About this exercise: In your copy of the records, include every word exactly and no pictures.

╭─ Supplied material

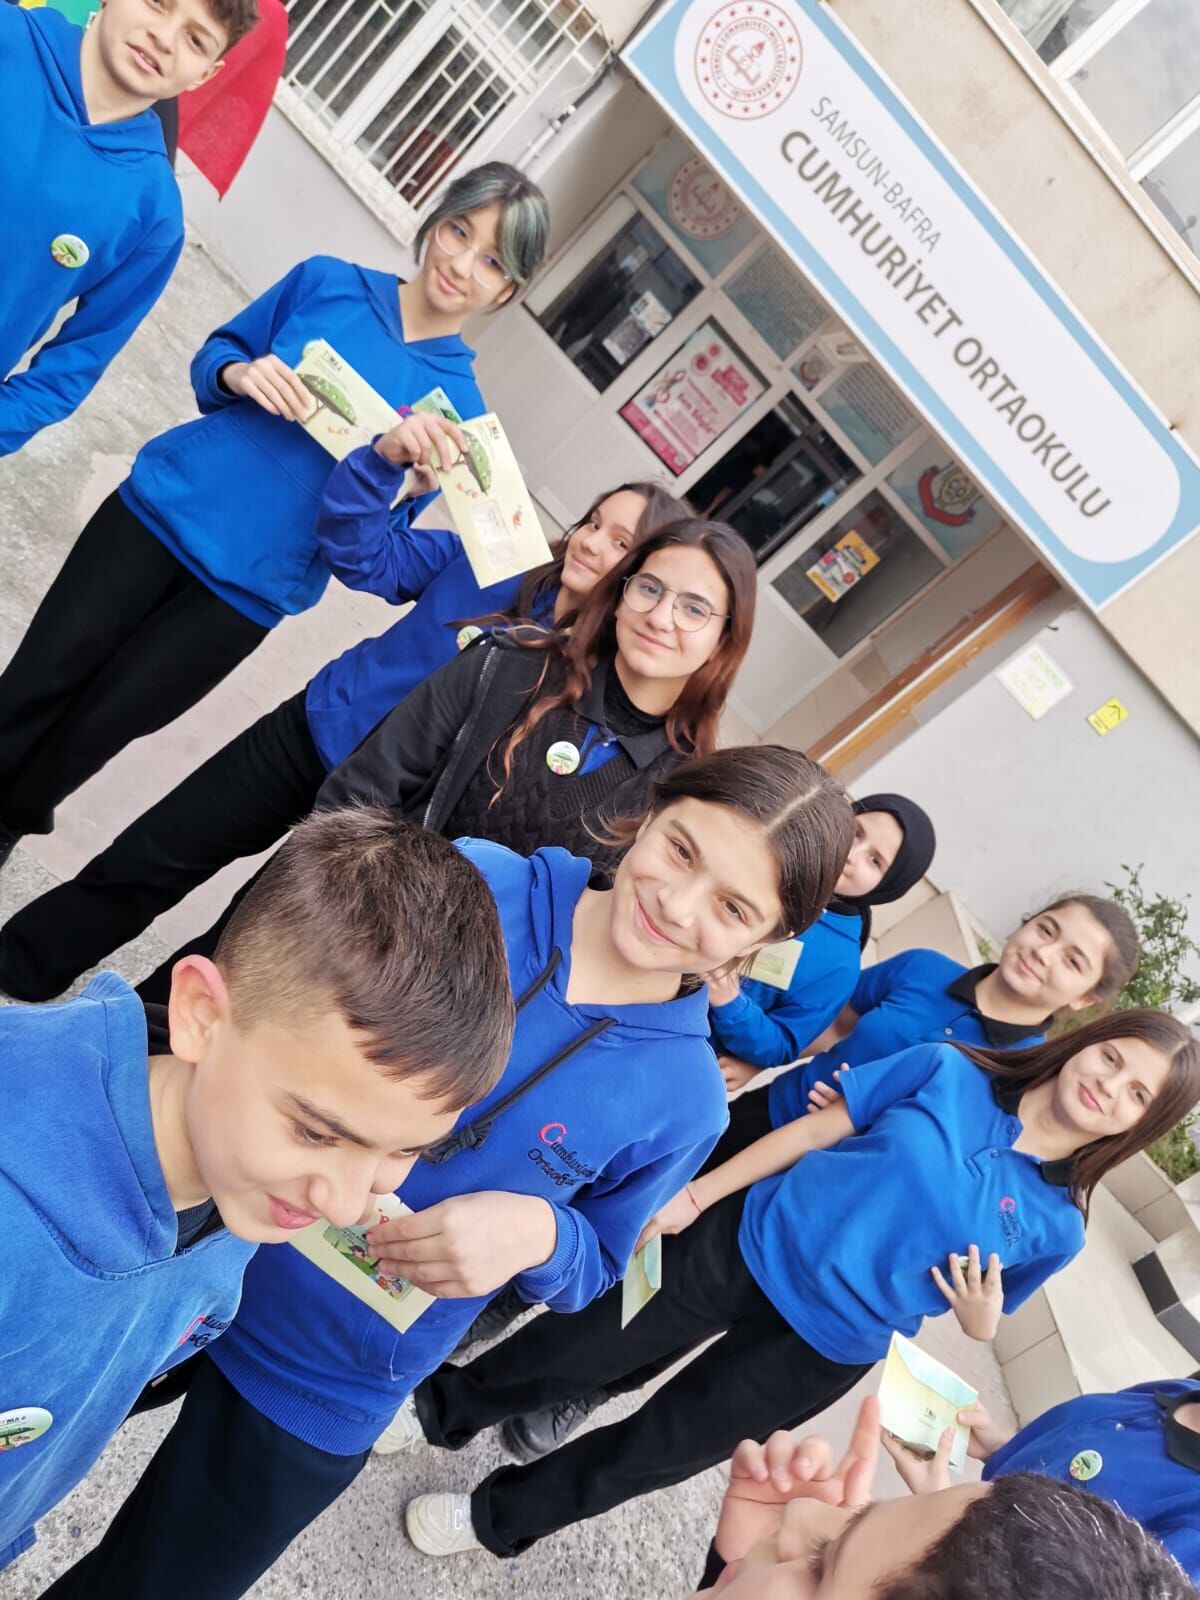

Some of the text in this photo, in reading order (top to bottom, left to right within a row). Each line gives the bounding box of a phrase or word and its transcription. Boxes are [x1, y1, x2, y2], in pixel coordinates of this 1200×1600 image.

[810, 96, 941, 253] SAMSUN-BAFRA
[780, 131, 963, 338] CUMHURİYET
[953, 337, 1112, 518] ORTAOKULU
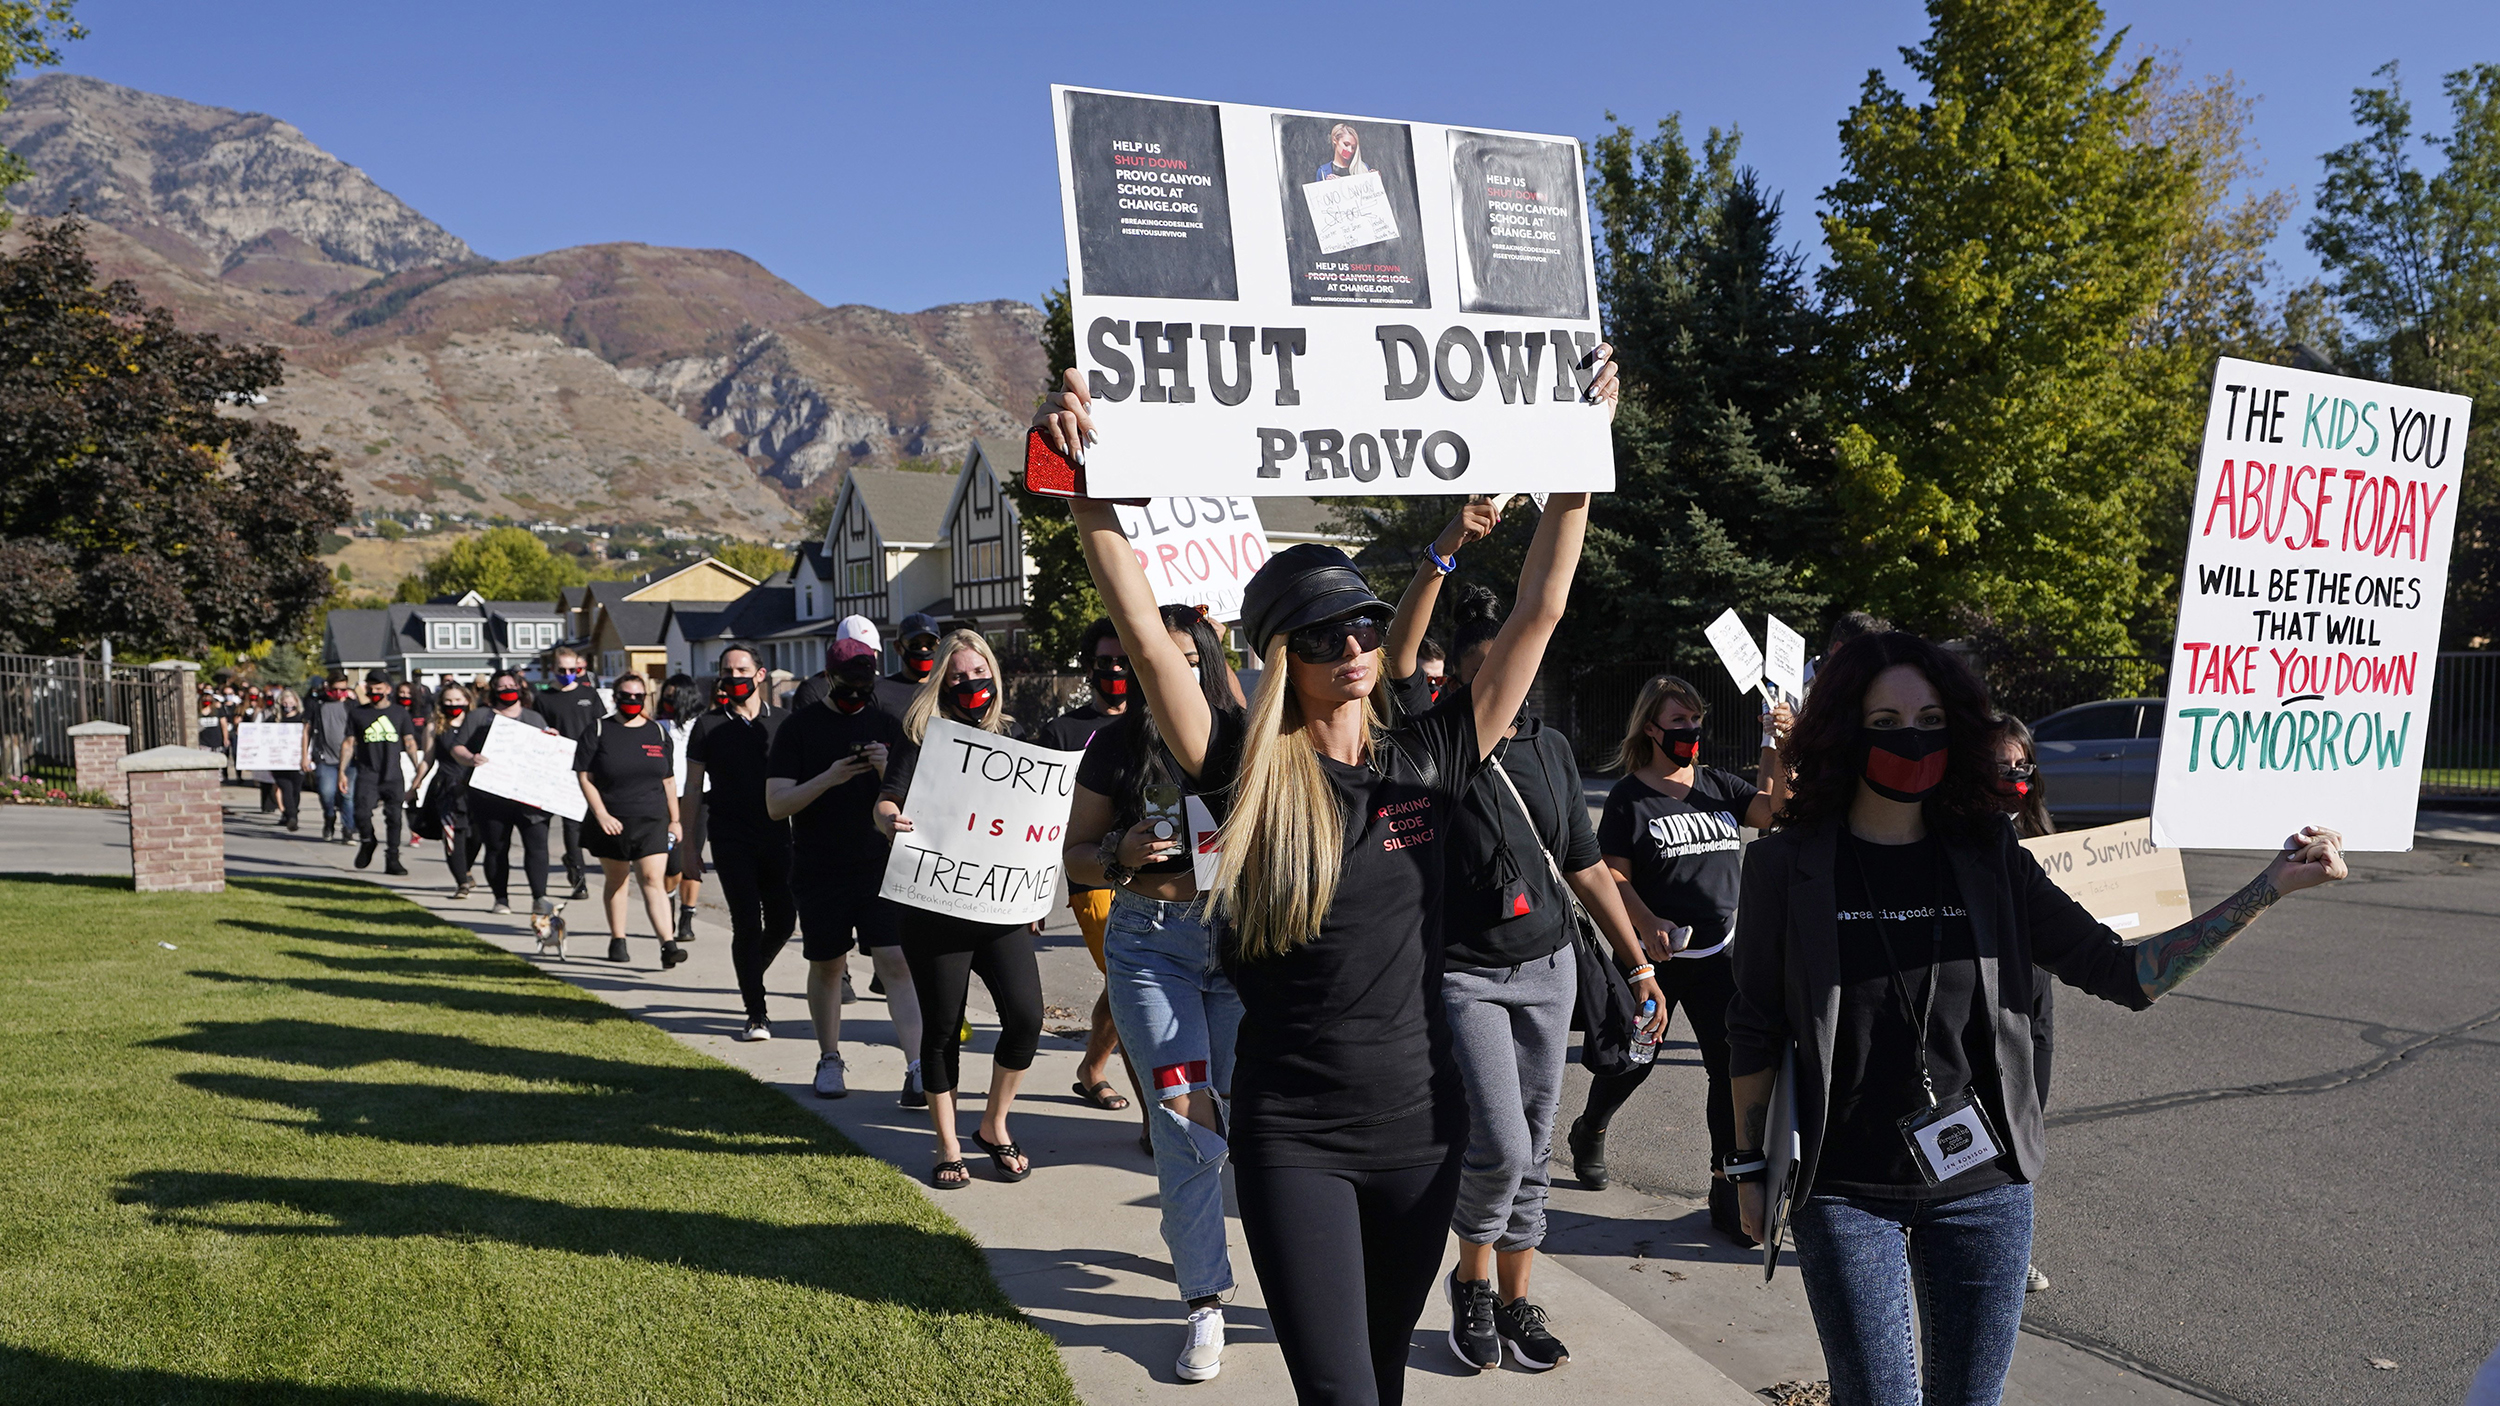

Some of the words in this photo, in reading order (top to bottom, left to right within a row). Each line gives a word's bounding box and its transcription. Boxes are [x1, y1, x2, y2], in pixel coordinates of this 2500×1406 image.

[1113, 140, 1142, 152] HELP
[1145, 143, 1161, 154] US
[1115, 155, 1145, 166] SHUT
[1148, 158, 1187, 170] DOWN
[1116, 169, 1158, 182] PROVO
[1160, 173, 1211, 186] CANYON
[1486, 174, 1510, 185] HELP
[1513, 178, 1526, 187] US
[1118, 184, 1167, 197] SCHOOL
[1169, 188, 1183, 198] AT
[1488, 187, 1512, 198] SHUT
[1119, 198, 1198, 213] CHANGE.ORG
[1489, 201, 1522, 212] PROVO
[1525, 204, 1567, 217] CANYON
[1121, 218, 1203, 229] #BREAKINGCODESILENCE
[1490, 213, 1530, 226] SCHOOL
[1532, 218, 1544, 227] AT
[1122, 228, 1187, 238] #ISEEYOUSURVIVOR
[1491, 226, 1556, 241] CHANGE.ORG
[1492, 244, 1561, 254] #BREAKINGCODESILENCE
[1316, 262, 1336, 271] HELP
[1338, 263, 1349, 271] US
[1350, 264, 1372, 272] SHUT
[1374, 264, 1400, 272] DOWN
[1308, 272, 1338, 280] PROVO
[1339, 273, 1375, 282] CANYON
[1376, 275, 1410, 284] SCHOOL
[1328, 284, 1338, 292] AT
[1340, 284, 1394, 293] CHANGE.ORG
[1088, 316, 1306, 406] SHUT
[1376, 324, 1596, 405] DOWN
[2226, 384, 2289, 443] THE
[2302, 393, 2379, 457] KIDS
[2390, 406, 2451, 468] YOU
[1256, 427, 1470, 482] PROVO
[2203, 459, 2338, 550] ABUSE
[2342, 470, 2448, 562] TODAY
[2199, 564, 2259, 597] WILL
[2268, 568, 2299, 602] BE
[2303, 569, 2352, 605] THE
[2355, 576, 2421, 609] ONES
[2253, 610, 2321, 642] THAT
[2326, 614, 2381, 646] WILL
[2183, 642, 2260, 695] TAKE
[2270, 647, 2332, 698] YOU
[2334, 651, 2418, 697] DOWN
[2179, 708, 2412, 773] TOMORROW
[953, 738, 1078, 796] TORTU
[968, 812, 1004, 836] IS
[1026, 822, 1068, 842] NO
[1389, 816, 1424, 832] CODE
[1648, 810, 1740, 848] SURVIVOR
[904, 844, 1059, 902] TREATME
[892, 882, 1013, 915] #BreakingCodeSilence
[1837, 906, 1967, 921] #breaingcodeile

╰─

Exercise output:
Some of the text in this photo, in reading order (top to bottom, left to right within a row). Each line gives the bounding box of a phrase or word and its transcription. Boxes are [x1, y1, x2, y2], in pixel coordinates of this 1200×1600 image.

[810, 96, 941, 253] SAMSUN-BAFRA
[780, 131, 963, 338] CUMHURİYET
[953, 337, 1112, 518] ORTAOKULU

Some of the words in this photo, in reading order (top to bottom, left to right within a row). Each line gives a word's bounding box and its transcription. Boxes are [x1, y1, x2, y2], in pixel coordinates of this 2500×1406 image.

[1113, 140, 1142, 152] HELP
[1145, 143, 1161, 154] US
[1115, 155, 1145, 166] SHUT
[1148, 158, 1187, 170] DOWN
[1116, 169, 1158, 182] PROVO
[1160, 173, 1211, 186] CANYON
[1486, 174, 1510, 185] HELP
[1513, 178, 1526, 187] US
[1118, 184, 1167, 197] SCHOOL
[1169, 188, 1183, 198] AT
[1488, 187, 1512, 198] SHUT
[1119, 198, 1198, 213] CHANGE.ORG
[1489, 201, 1522, 212] PROVO
[1525, 204, 1567, 217] CANYON
[1121, 218, 1203, 229] #BREAKINGCODESILENCE
[1490, 213, 1530, 226] SCHOOL
[1532, 218, 1544, 227] AT
[1122, 228, 1187, 238] #ISEEYOUSURVIVOR
[1491, 226, 1556, 241] CHANGE.ORG
[1492, 244, 1561, 254] #BREAKINGCODESILENCE
[1316, 262, 1336, 271] HELP
[1338, 263, 1349, 271] US
[1350, 264, 1372, 272] SHUT
[1374, 264, 1400, 272] DOWN
[1308, 272, 1338, 280] PROVO
[1339, 273, 1375, 282] CANYON
[1376, 275, 1410, 284] SCHOOL
[1328, 284, 1338, 292] AT
[1340, 284, 1394, 293] CHANGE.ORG
[1088, 316, 1306, 406] SHUT
[1376, 324, 1596, 405] DOWN
[2226, 384, 2289, 443] THE
[2302, 393, 2379, 457] KIDS
[2390, 406, 2451, 468] YOU
[1256, 427, 1470, 482] PROVO
[2203, 459, 2338, 550] ABUSE
[2342, 470, 2448, 562] TODAY
[2199, 564, 2259, 597] WILL
[2268, 568, 2299, 602] BE
[2303, 569, 2352, 605] THE
[2355, 576, 2421, 609] ONES
[2253, 610, 2321, 642] THAT
[2326, 614, 2381, 646] WILL
[2183, 642, 2260, 695] TAKE
[2270, 647, 2332, 698] YOU
[2334, 651, 2418, 697] DOWN
[2179, 708, 2412, 773] TOMORROW
[953, 738, 1078, 796] TORTU
[968, 812, 1004, 836] IS
[1026, 822, 1068, 842] NO
[1389, 816, 1424, 832] CODE
[1648, 810, 1740, 848] SURVIVOR
[904, 844, 1059, 902] TREATME
[892, 882, 1013, 915] #BreakingCodeSilence
[1837, 906, 1967, 921] #breaingcodeile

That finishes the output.